Work task. Print all of the records. Exclude the images.

Excerpted data.
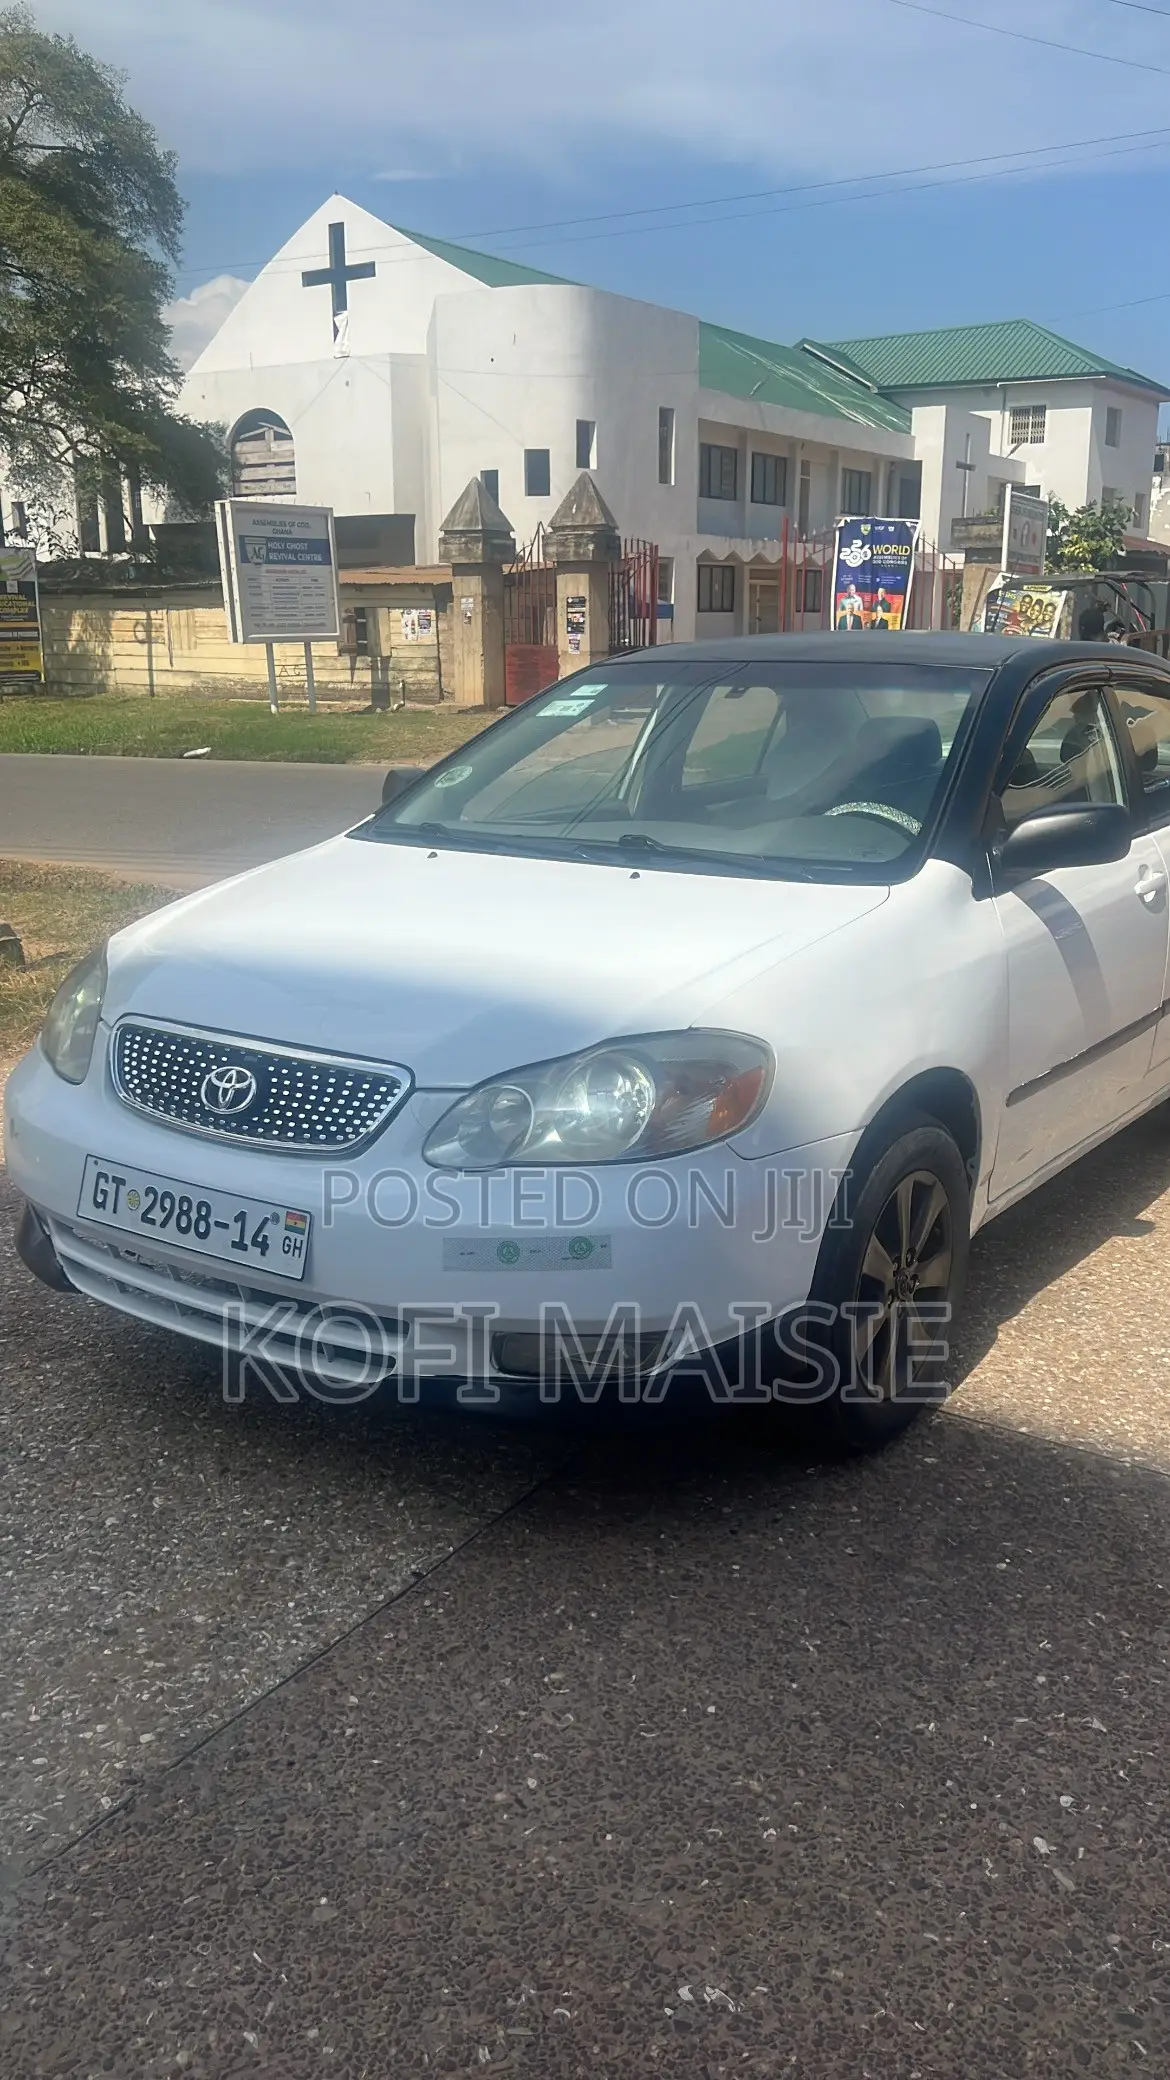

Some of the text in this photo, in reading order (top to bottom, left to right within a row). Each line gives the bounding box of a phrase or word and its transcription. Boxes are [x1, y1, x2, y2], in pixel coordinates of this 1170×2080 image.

[267, 541, 308, 551] HOLY GHOST
[872, 544, 911, 556] WORLD
[268, 552, 323, 562] REVIVAL CENTRE
[92, 1171, 270, 1257] GT 2988-14
[282, 1235, 304, 1259] GH

Your response.
Some of the text in this photo, in reading order (top to bottom, left to right within a row). Each line gives the bounding box of a phrase or word and its transcription. Boxes are [x1, y1, x2, y2], in pixel coordinates of this 1170×2080 image.

[267, 541, 308, 551] HOLY GHOST
[872, 544, 911, 556] WORLD
[268, 552, 323, 562] REVIVAL CENTRE
[92, 1171, 270, 1257] GT 2988-14
[282, 1235, 304, 1259] GH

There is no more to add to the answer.